Re: Postgres using the wrong index index

From: Matt Dupree <matt(dot)dupree(at)heap(dot)io>
To: Justin Pryzby <pryzby(at)telsasoft(dot)com>
Cc: pgsql-performance(at)lists(dot)postgresql(dot)org
Subject: Re: Postgres using the wrong index index
Date: 2021-08-24 00:53:15
Message-ID: CAMOk8kpnuDtA7jh9YueU37d39xaQE97rWZE+VvYfdK-susgU1Q@mail.gmail.com
Views: Raw Message | Whole Thread | Download mbox | Resend email
Thread:
Lists: pgsql-performance

I increased (and decreased) the stats target for the column and
re-analyzed.
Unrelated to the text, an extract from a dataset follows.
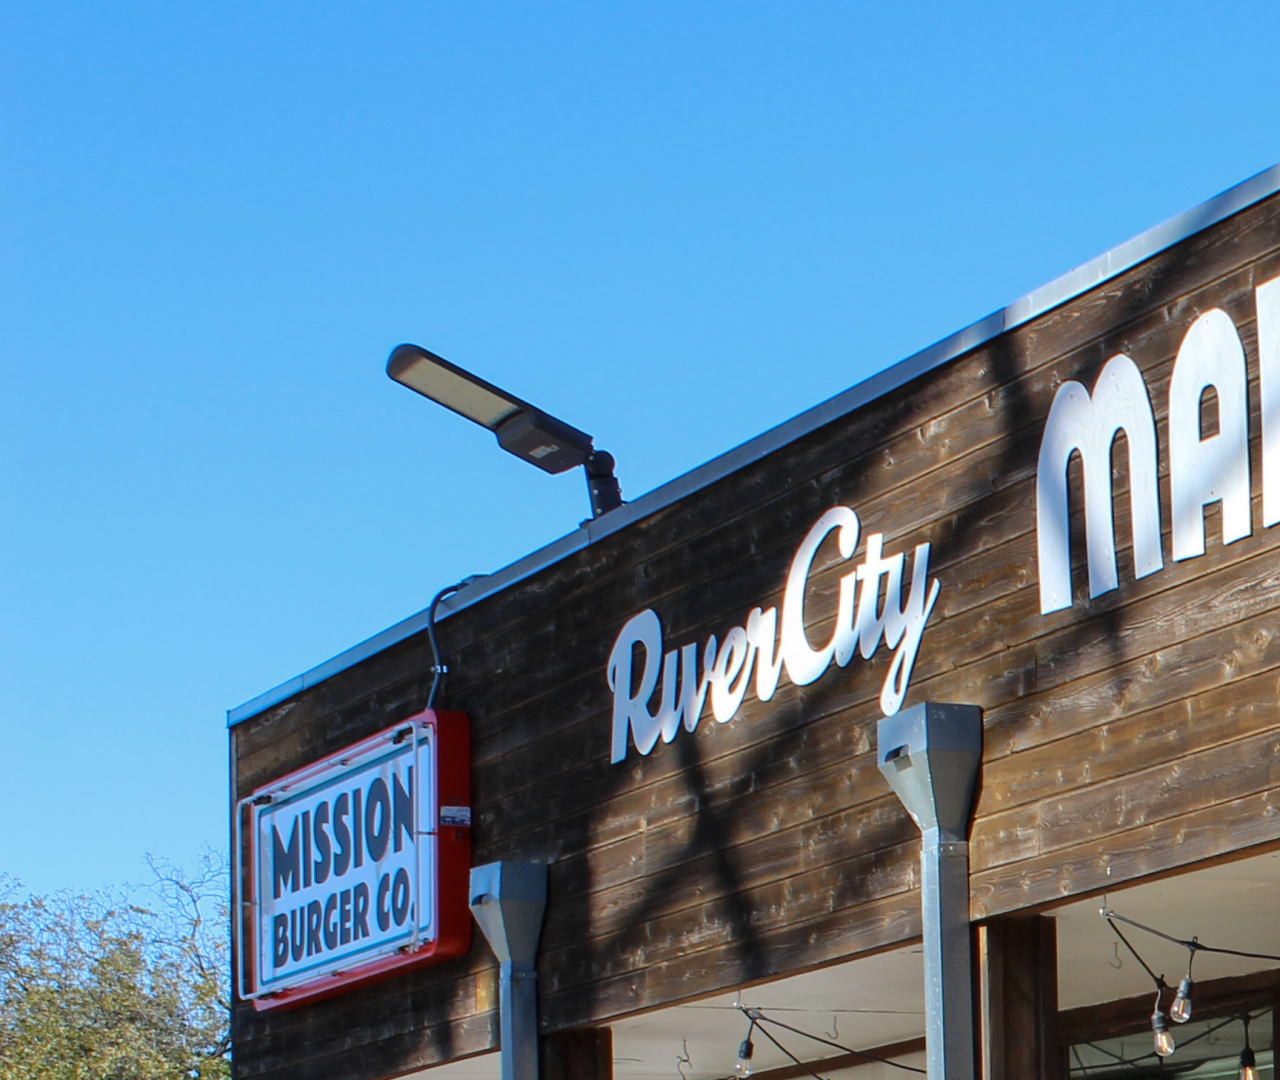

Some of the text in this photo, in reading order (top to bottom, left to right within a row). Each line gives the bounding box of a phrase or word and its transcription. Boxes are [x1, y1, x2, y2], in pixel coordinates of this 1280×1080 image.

[272, 765, 416, 900] MISSION
[273, 866, 416, 968] BURGER CO.
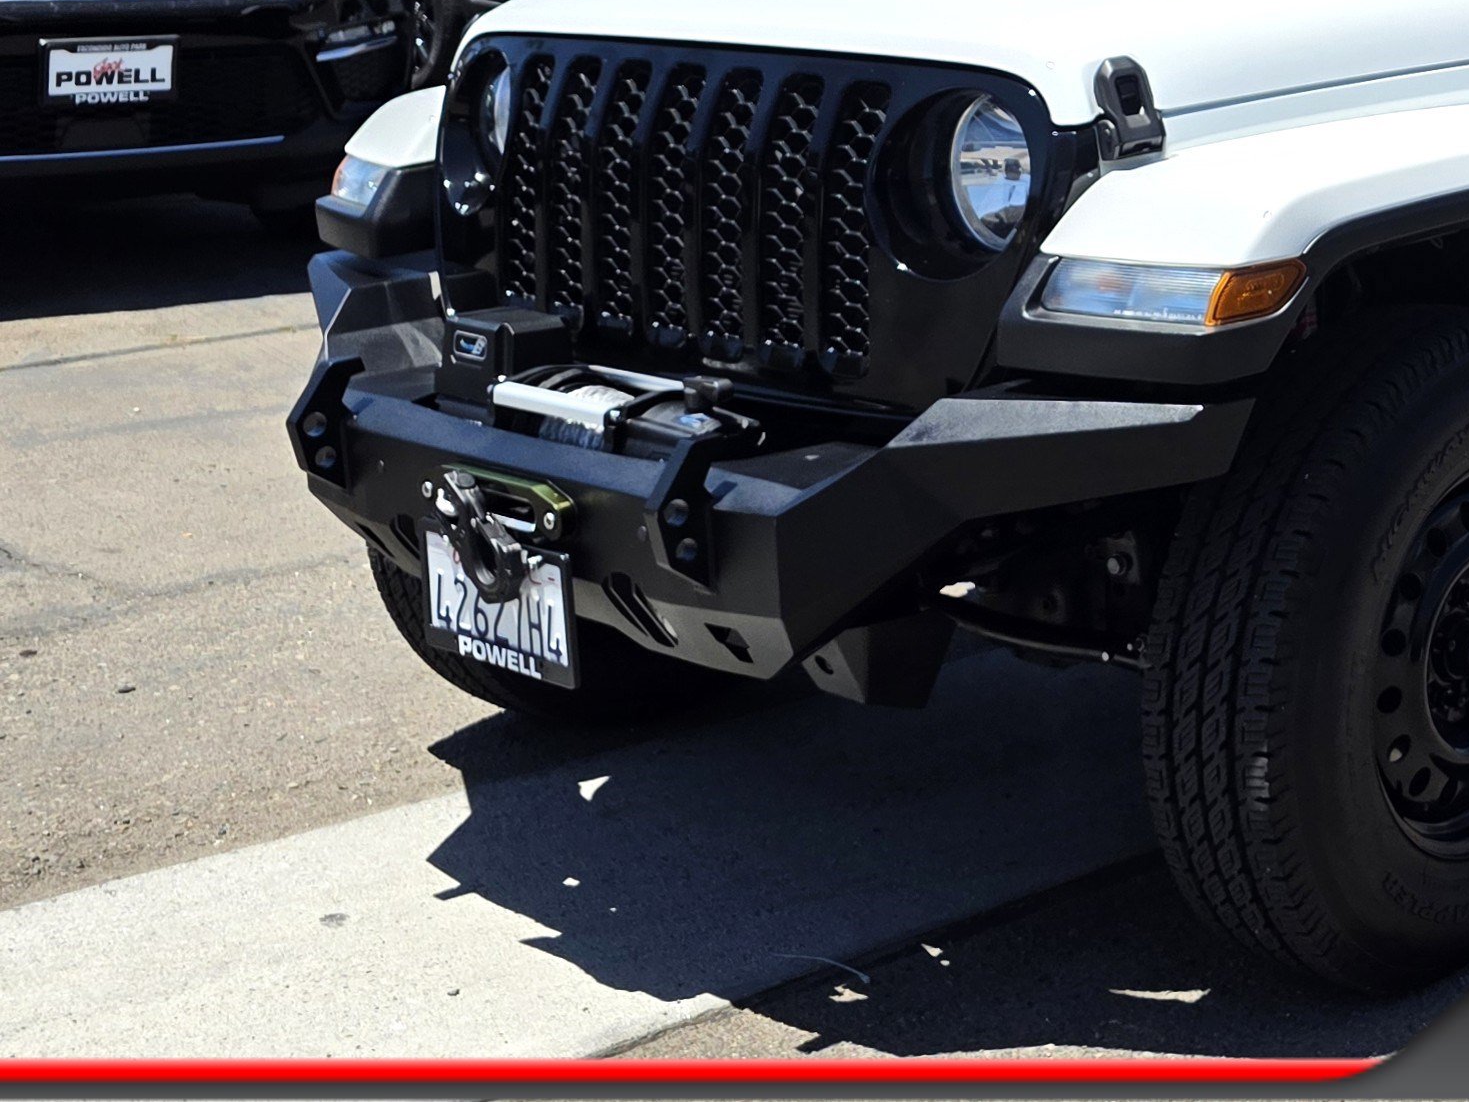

Didn't make a difference.

Is it possible that the row estimate is off because of a column other than
time? I looked at the # of events in that time period and 1.8 million is
actually a good estimate. What about the
((strpos(other_events_1004175222.hierarchy, '#close_onborading;'::text) <>
0) condition in the filter? It makes sense that Postgres wouldn't have a
way to estimate how selective this condition is.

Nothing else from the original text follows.